> _PROBLEM REQUIREMENTS_
Reproduce the lines below exactly. Skip images.

> _DATASET_
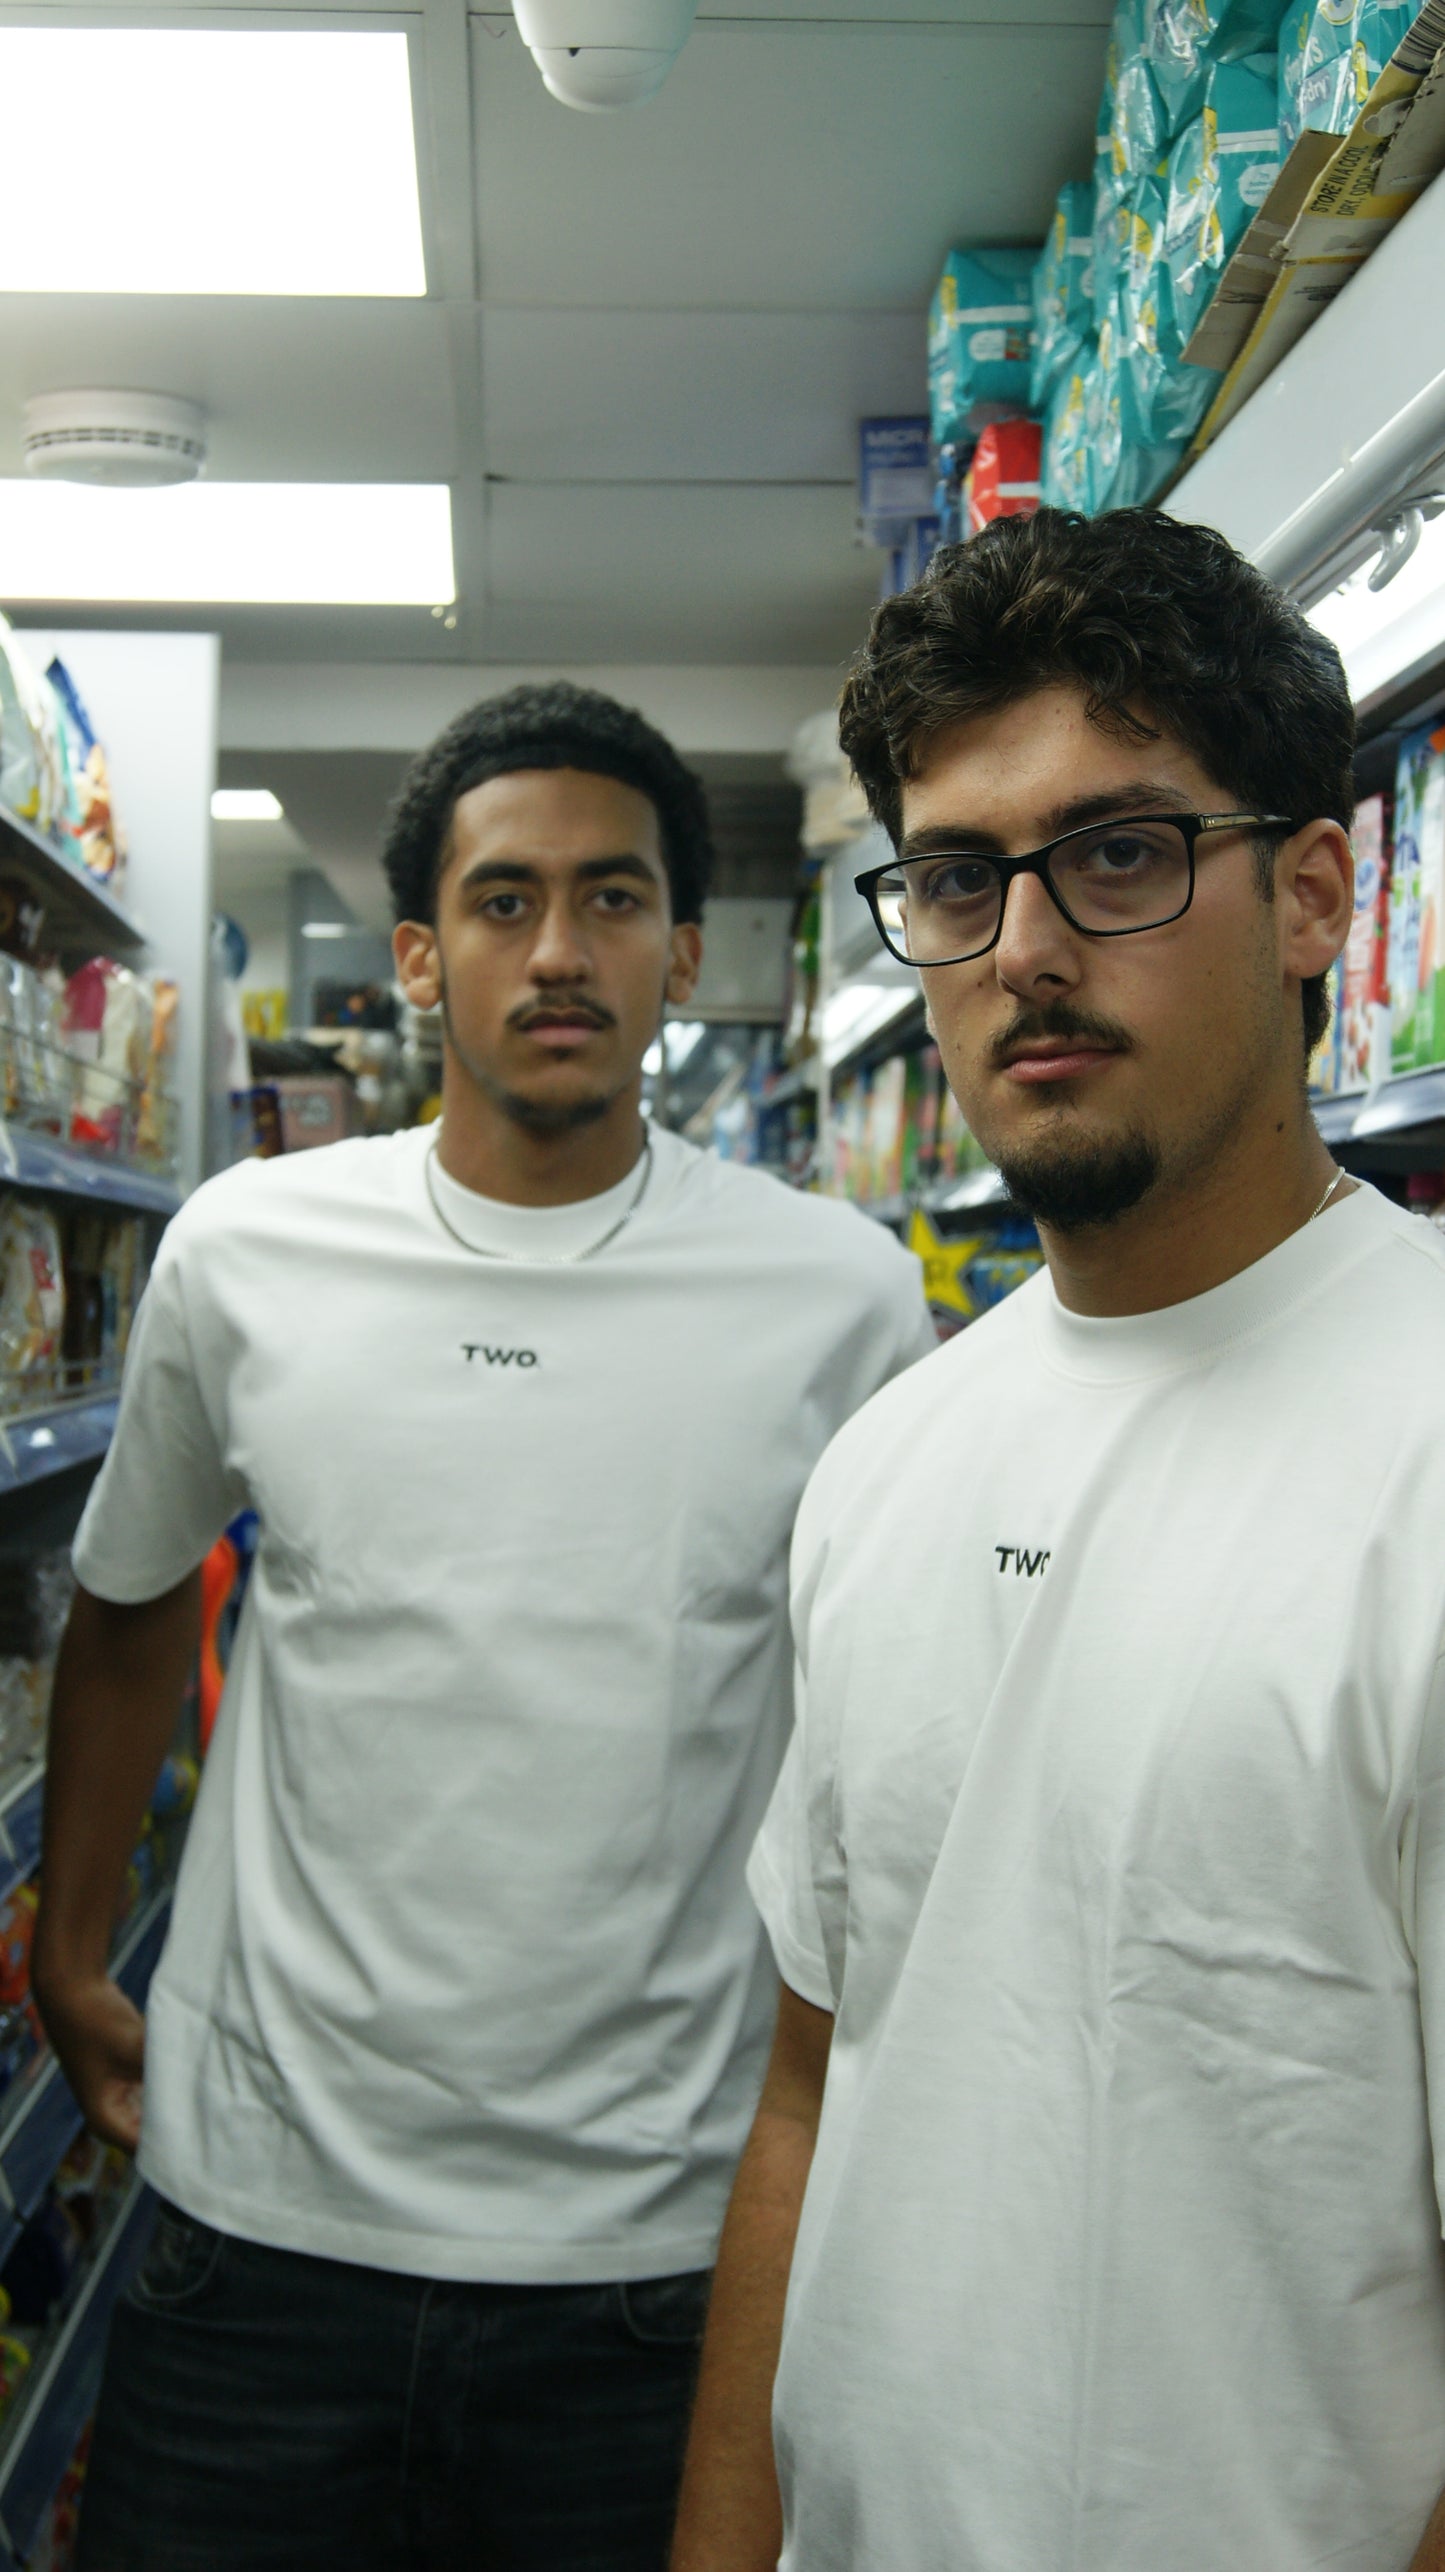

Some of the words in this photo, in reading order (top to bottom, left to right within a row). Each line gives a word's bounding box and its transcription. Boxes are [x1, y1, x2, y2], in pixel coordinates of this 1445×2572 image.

[1338, 145, 1369, 168] COOL
[1328, 174, 1347, 185] IN
[1334, 168, 1354, 177] A
[1310, 183, 1341, 213] STORE
[460, 1344, 537, 1368] TWO

> _RESPONSE TO THIS TASK_
Some of the words in this photo, in reading order (top to bottom, left to right within a row). Each line gives a word's bounding box and its transcription. Boxes are [x1, y1, x2, y2], in pixel coordinates of this 1445×2572 image.

[1338, 145, 1369, 168] COOL
[1328, 174, 1347, 185] IN
[1334, 168, 1354, 177] A
[1310, 183, 1341, 213] STORE
[460, 1344, 537, 1368] TWO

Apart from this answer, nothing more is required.